Work item: Print the listing exactly.

Data under study:
########

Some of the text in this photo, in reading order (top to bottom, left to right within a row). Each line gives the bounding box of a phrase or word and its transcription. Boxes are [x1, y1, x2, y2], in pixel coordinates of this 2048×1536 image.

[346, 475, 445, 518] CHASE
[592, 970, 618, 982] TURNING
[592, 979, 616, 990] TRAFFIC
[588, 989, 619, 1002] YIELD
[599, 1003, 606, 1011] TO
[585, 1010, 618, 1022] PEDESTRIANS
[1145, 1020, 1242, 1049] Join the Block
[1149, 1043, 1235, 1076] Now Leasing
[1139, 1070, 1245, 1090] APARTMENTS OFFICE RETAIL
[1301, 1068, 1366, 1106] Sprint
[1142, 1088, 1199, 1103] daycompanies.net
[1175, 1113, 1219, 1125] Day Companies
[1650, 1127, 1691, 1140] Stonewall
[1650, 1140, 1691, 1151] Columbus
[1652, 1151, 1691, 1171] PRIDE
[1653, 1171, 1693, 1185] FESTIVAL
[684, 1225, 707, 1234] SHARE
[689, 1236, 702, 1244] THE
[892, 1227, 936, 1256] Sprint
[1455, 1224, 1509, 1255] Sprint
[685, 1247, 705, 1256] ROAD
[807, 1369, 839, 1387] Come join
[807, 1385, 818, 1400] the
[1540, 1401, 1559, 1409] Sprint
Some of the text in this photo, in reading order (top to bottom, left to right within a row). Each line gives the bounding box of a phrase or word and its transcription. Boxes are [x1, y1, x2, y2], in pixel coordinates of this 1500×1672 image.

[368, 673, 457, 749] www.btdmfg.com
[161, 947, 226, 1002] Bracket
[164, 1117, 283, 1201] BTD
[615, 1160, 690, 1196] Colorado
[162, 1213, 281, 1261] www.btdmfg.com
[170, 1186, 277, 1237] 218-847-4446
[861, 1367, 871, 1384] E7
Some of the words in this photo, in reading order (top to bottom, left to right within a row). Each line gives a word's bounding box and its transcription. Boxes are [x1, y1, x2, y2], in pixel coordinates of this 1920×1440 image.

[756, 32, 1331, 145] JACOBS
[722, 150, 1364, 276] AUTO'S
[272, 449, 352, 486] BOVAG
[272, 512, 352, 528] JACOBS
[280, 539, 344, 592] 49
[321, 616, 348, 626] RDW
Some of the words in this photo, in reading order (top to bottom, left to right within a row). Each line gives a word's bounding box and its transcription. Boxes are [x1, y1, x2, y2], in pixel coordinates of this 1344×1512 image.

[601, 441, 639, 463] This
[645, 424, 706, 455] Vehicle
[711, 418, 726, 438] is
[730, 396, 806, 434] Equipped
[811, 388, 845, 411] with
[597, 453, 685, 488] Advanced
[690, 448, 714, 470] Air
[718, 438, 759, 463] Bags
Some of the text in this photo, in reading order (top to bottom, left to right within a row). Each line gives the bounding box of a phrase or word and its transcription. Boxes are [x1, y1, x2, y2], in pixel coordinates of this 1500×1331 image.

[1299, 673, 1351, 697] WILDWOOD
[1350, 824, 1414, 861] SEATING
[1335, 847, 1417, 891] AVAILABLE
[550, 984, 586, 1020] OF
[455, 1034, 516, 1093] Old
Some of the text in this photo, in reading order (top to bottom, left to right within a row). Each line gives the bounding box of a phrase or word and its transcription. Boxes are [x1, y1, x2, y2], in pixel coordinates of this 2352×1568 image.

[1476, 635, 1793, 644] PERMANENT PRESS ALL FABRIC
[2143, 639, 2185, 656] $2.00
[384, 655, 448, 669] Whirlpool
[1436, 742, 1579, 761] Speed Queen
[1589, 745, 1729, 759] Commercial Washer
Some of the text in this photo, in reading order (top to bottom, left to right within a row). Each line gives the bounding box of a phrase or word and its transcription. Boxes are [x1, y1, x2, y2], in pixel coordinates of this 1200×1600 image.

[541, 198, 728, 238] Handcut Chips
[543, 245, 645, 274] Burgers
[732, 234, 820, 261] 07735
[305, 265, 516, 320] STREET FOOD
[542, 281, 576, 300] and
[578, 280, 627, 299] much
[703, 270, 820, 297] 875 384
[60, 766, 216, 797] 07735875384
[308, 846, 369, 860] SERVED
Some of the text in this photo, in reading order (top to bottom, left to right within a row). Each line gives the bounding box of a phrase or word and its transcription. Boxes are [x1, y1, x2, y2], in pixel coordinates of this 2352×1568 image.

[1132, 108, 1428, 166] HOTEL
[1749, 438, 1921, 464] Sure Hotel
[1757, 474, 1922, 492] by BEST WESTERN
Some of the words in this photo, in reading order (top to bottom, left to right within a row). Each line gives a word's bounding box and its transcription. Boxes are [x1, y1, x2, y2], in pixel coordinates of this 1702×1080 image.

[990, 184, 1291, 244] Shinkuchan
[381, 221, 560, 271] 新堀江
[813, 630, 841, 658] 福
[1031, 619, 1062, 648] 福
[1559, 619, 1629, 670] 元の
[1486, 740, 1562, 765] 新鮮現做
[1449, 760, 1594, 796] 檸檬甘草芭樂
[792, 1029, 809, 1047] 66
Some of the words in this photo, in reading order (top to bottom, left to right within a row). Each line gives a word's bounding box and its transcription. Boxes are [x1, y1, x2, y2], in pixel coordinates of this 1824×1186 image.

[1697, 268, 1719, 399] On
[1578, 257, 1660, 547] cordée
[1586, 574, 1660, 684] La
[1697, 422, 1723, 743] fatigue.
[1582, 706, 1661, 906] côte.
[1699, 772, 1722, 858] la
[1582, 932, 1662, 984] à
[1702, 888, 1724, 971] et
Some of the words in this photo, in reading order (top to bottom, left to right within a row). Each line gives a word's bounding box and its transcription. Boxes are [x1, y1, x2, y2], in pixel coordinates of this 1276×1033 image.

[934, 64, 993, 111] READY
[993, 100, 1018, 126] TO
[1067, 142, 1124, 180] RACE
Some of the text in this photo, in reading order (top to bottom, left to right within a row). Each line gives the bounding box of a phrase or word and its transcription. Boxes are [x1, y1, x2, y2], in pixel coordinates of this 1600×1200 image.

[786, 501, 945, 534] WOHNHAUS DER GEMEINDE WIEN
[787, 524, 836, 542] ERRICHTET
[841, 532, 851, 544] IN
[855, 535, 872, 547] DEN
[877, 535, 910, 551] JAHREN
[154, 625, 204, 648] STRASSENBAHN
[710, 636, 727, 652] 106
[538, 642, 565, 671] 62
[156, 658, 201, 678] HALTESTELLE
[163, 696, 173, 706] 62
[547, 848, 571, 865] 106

########

Exercise result:
Some of the text in this photo, in reading order (top to bottom, left to right within a row). Each line gives the bounding box of a phrase or word and its transcription. Boxes are [x1, y1, x2, y2], in pixel coordinates of this 2048×1536 image.

[346, 475, 445, 518] CHASE
[592, 970, 618, 982] TURNING
[592, 979, 616, 990] TRAFFIC
[588, 989, 619, 1002] YIELD
[599, 1003, 606, 1011] TO
[585, 1010, 618, 1022] PEDESTRIANS
[1145, 1020, 1242, 1049] Join the Block
[1149, 1043, 1235, 1076] Now Leasing
[1139, 1070, 1245, 1090] APARTMENTS OFFICE RETAIL
[1301, 1068, 1366, 1106] Sprint
[1142, 1088, 1199, 1103] daycompanies.net
[1175, 1113, 1219, 1125] Day Companies
[1650, 1127, 1691, 1140] Stonewall
[1650, 1140, 1691, 1151] Columbus
[1652, 1151, 1691, 1171] PRIDE
[1653, 1171, 1693, 1185] FESTIVAL
[684, 1225, 707, 1234] SHARE
[689, 1236, 702, 1244] THE
[892, 1227, 936, 1256] Sprint
[1455, 1224, 1509, 1255] Sprint
[685, 1247, 705, 1256] ROAD
[807, 1369, 839, 1387] Come join
[807, 1385, 818, 1400] the
[1540, 1401, 1559, 1409] Sprint
Some of the text in this photo, in reading order (top to bottom, left to right within a row). Each line gives the bounding box of a phrase or word and its transcription. Boxes are [x1, y1, x2, y2], in pixel coordinates of this 1500×1672 image.

[368, 673, 457, 749] www.btdmfg.com
[161, 947, 226, 1002] Bracket
[164, 1117, 283, 1201] BTD
[615, 1160, 690, 1196] Colorado
[162, 1213, 281, 1261] www.btdmfg.com
[170, 1186, 277, 1237] 218-847-4446
[861, 1367, 871, 1384] E7
Some of the words in this photo, in reading order (top to bottom, left to right within a row). Each line gives a word's bounding box and its transcription. Boxes are [x1, y1, x2, y2], in pixel coordinates of this 1920×1440 image.

[756, 32, 1331, 145] JACOBS
[722, 150, 1364, 276] AUTO'S
[272, 449, 352, 486] BOVAG
[272, 512, 352, 528] JACOBS
[280, 539, 344, 592] 49
[321, 616, 348, 626] RDW
Some of the words in this photo, in reading order (top to bottom, left to right within a row). Each line gives a word's bounding box and its transcription. Boxes are [x1, y1, x2, y2], in pixel coordinates of this 1344×1512 image.

[601, 441, 639, 463] This
[645, 424, 706, 455] Vehicle
[711, 418, 726, 438] is
[730, 396, 806, 434] Equipped
[811, 388, 845, 411] with
[597, 453, 685, 488] Advanced
[690, 448, 714, 470] Air
[718, 438, 759, 463] Bags
Some of the text in this photo, in reading order (top to bottom, left to right within a row). Each line gives the bounding box of a phrase or word and its transcription. Boxes are [x1, y1, x2, y2], in pixel coordinates of this 1500×1331 image.

[1299, 673, 1351, 697] WILDWOOD
[1350, 824, 1414, 861] SEATING
[1335, 847, 1417, 891] AVAILABLE
[550, 984, 586, 1020] OF
[455, 1034, 516, 1093] Old
Some of the text in this photo, in reading order (top to bottom, left to right within a row). Each line gives the bounding box of a phrase or word and its transcription. Boxes are [x1, y1, x2, y2], in pixel coordinates of this 2352×1568 image.

[1476, 635, 1793, 644] PERMANENT PRESS ALL FABRIC
[2143, 639, 2185, 656] $2.00
[384, 655, 448, 669] Whirlpool
[1436, 742, 1579, 761] Speed Queen
[1589, 745, 1729, 759] Commercial Washer
Some of the text in this photo, in reading order (top to bottom, left to right within a row). Each line gives the bounding box of a phrase or word and its transcription. Boxes are [x1, y1, x2, y2], in pixel coordinates of this 1200×1600 image.

[541, 198, 728, 238] Handcut Chips
[543, 245, 645, 274] Burgers
[732, 234, 820, 261] 07735
[305, 265, 516, 320] STREET FOOD
[542, 281, 576, 300] and
[578, 280, 627, 299] much
[703, 270, 820, 297] 875 384
[60, 766, 216, 797] 07735875384
[308, 846, 369, 860] SERVED
Some of the text in this photo, in reading order (top to bottom, left to right within a row). Each line gives the bounding box of a phrase or word and its transcription. Boxes are [x1, y1, x2, y2], in pixel coordinates of this 2352×1568 image.

[1132, 108, 1428, 166] HOTEL
[1749, 438, 1921, 464] Sure Hotel
[1757, 474, 1922, 492] by BEST WESTERN
Some of the words in this photo, in reading order (top to bottom, left to right within a row). Each line gives a word's bounding box and its transcription. Boxes are [x1, y1, x2, y2], in pixel coordinates of this 1702×1080 image.

[990, 184, 1291, 244] Shinkuchan
[381, 221, 560, 271] 新堀江
[813, 630, 841, 658] 福
[1031, 619, 1062, 648] 福
[1559, 619, 1629, 670] 元の
[1486, 740, 1562, 765] 新鮮現做
[1449, 760, 1594, 796] 檸檬甘草芭樂
[792, 1029, 809, 1047] 66
Some of the words in this photo, in reading order (top to bottom, left to right within a row). Each line gives a word's bounding box and its transcription. Boxes are [x1, y1, x2, y2], in pixel coordinates of this 1824×1186 image.

[1697, 268, 1719, 399] On
[1578, 257, 1660, 547] cordée
[1586, 574, 1660, 684] La
[1697, 422, 1723, 743] fatigue.
[1582, 706, 1661, 906] côte.
[1699, 772, 1722, 858] la
[1582, 932, 1662, 984] à
[1702, 888, 1724, 971] et
Some of the words in this photo, in reading order (top to bottom, left to right within a row). Each line gives a word's bounding box and its transcription. Boxes are [x1, y1, x2, y2], in pixel coordinates of this 1276×1033 image.

[934, 64, 993, 111] READY
[993, 100, 1018, 126] TO
[1067, 142, 1124, 180] RACE
Some of the text in this photo, in reading order (top to bottom, left to right within a row). Each line gives the bounding box of a phrase or word and its transcription. Boxes are [x1, y1, x2, y2], in pixel coordinates of this 1600×1200 image.

[786, 501, 945, 534] WOHNHAUS DER GEMEINDE WIEN
[787, 524, 836, 542] ERRICHTET
[841, 532, 851, 544] IN
[855, 535, 872, 547] DEN
[877, 535, 910, 551] JAHREN
[154, 625, 204, 648] STRASSENBAHN
[710, 636, 727, 652] 106
[538, 642, 565, 671] 62
[156, 658, 201, 678] HALTESTELLE
[163, 696, 173, 706] 62
[547, 848, 571, 865] 106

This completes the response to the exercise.